Мосальский выбежал из кабинета с листком бумаги в руках. “Читай!” -. прошептал он Дмитриеву. На листке было написано: “Тирони. 19 мая 1836 года. У Нащокина. Тыква и барабан. Читал из “Евгения Онегина” кусок про Москву”. Дмитриев ничего не понял и вопросительно посмотрел на Мосальского. “Это же фантастическая вещь, - вскричал тот. - Все пушкинисты обезумеют. Этот текст, который ты сейчас прочитал, написан рукой Пушкина. На листочке, вложенном в книгу Сергея Глинки. Записку обнаружил один коллекционер-библиофил. Купил редкую книгу на Сухаревке, еще до начала нашего века. Он графикой интересовался, а там в книге фронтиспис был гравера Аркадьева. Ну, это не имеет значения. И обнаружил листок с текстом, который ты прочитал. Он сразу понял, что это может быть рука Пушкина. От него записка попала в музей. И стала загадкой. Никто ничего понять не мог.
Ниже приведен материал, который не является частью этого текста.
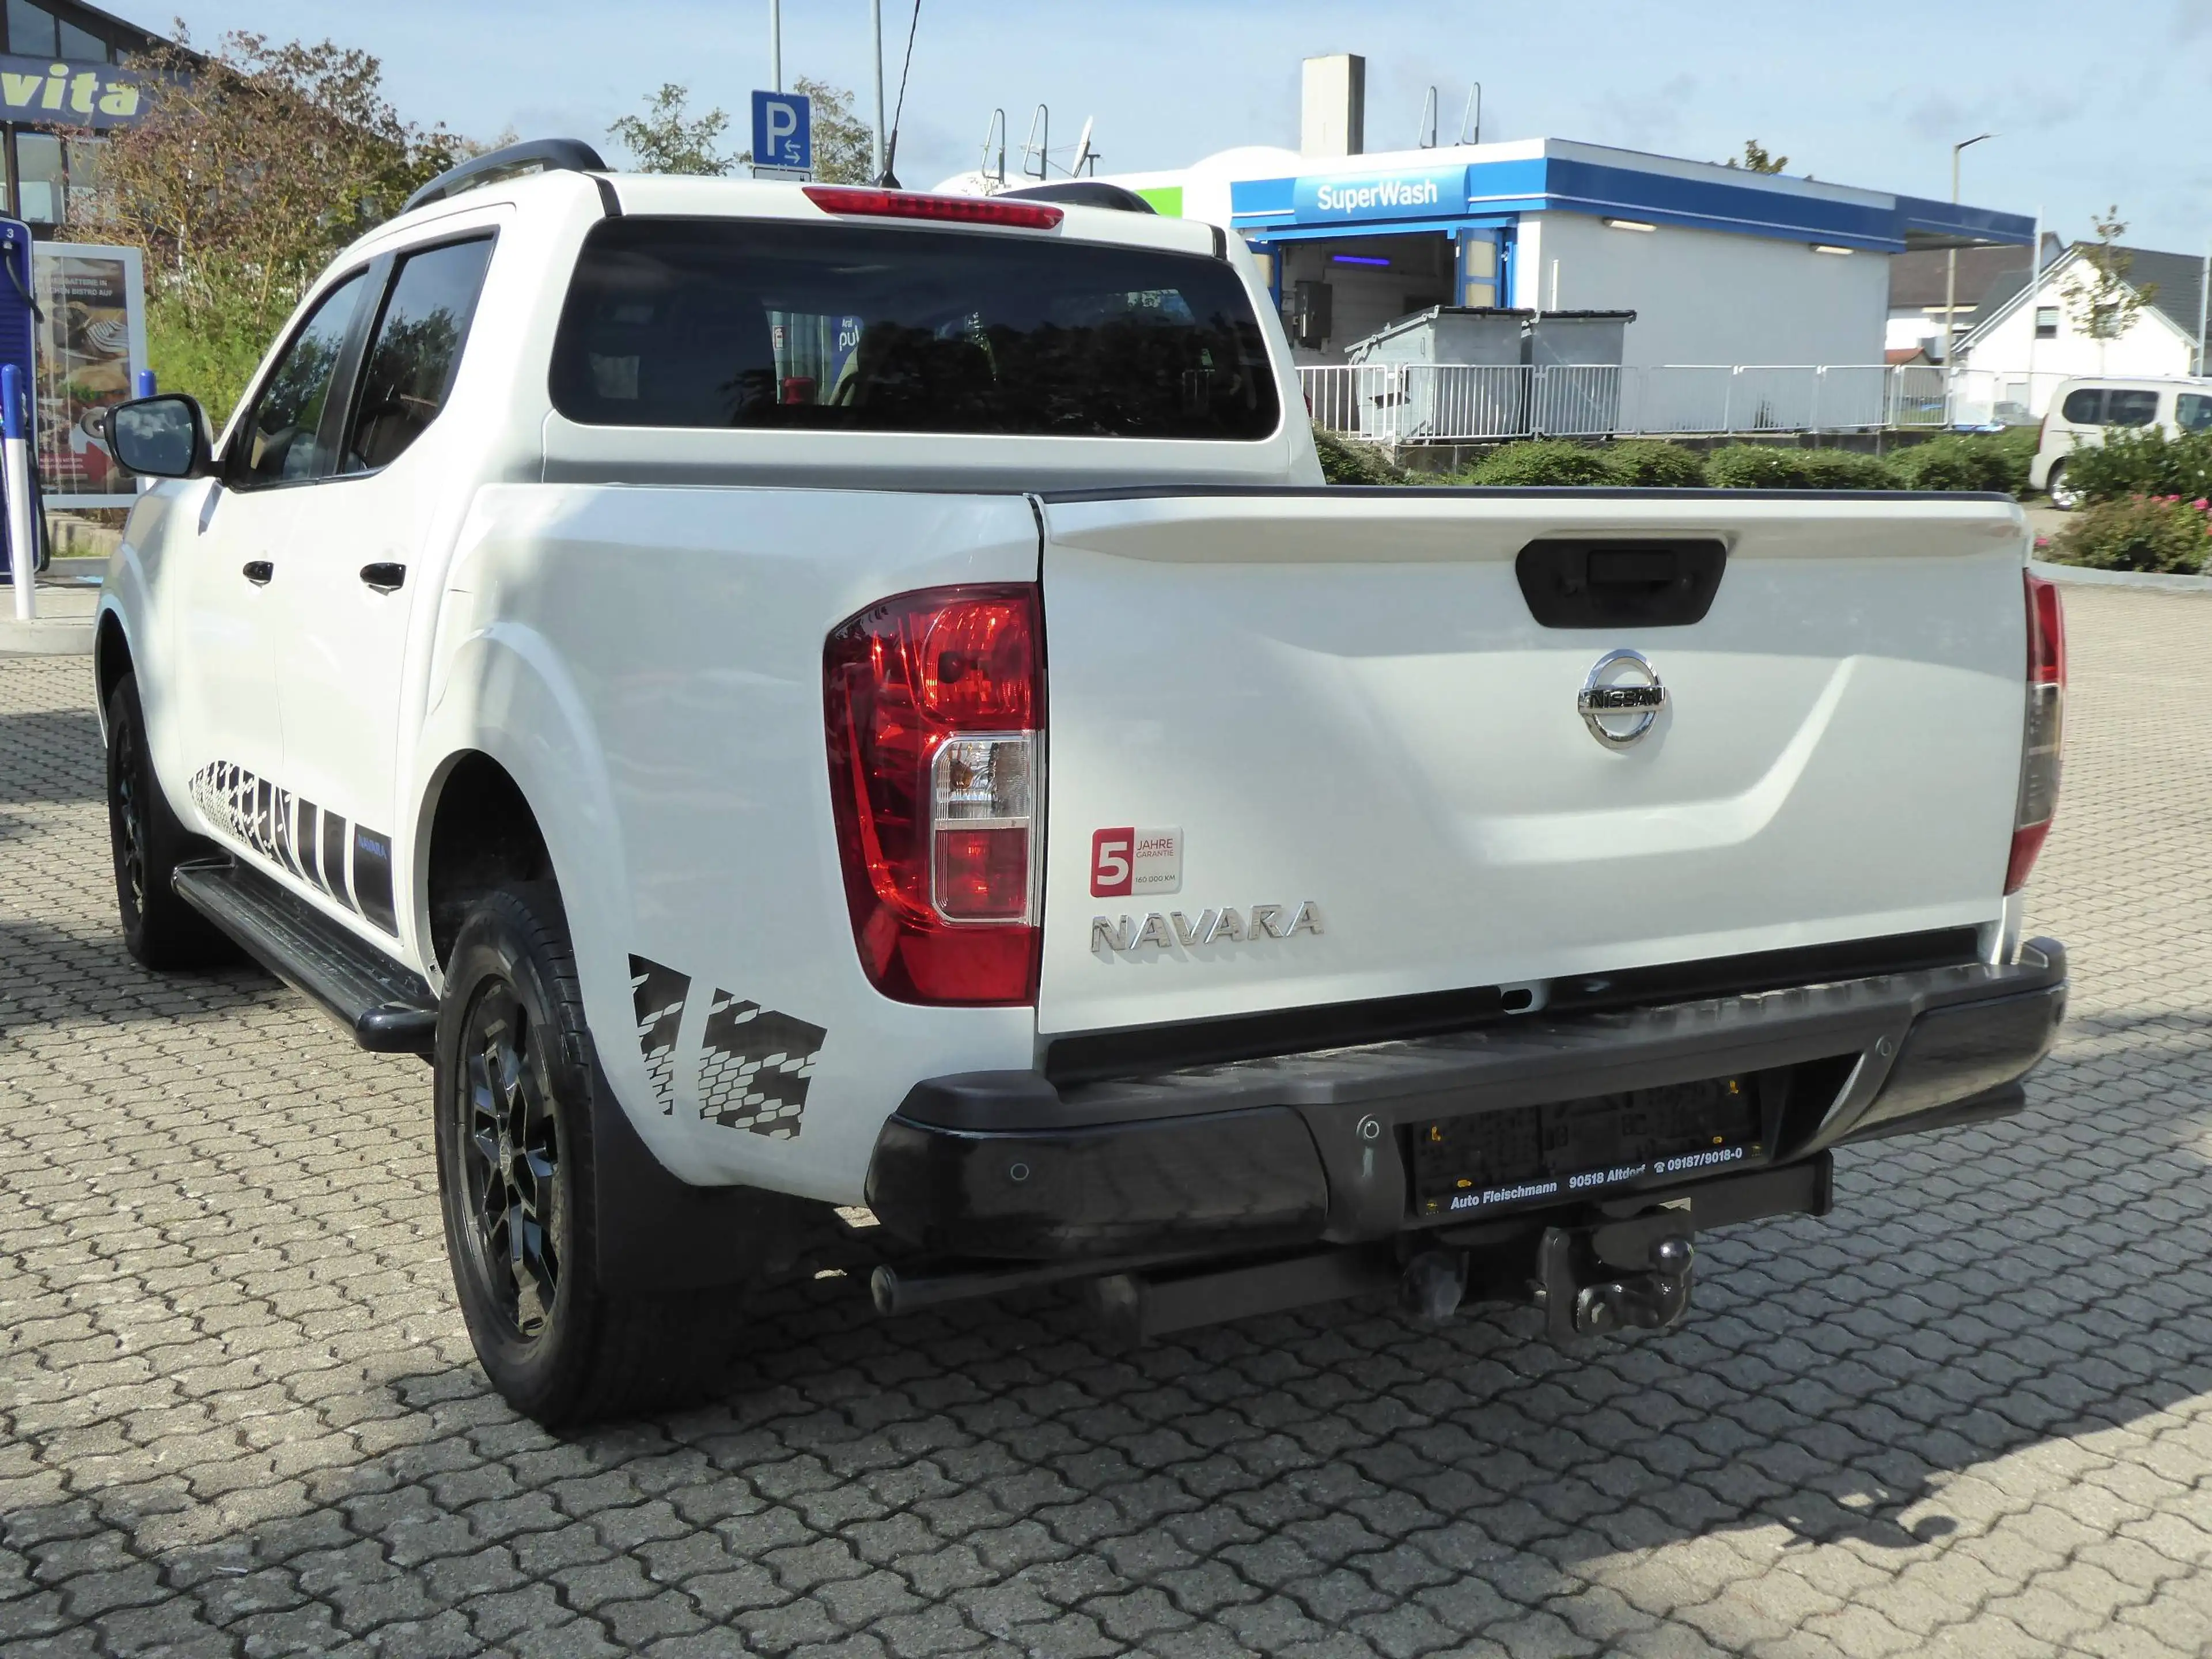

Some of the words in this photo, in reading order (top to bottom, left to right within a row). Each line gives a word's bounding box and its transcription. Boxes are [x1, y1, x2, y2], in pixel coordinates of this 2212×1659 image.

Вроде и дата и место известны. Был Пушкин у Нащокина 19 мая. Это все знают. А вот то, что он из “Евгения Онегина” читал, не знают. Но вполне возможный факт. А вот кто такой Тирони, никто не знает. Ни в одном документе той эпохи такого человека нет. А “тыква и барабан” вообще расшифровать невозможно. А тут ты приходишь, говоришь, и меня вдруг озаряет: “Вот оно!” - “Что?” - все еще не понимая, к чему клонит Мосальский, спросил Дмитриев. “Как что! Да все же концы сходятся! Тут Тирони, и у тебя Тирони. Тут тыква, и ты сравнил резонатор с тыквой. А Пушкин и слова-то такого “резонатор” не знал. И барабан совпадает. Да ведь тут говорится о том, что Пушкин перед фонографом стихи читал! Понял теперь?”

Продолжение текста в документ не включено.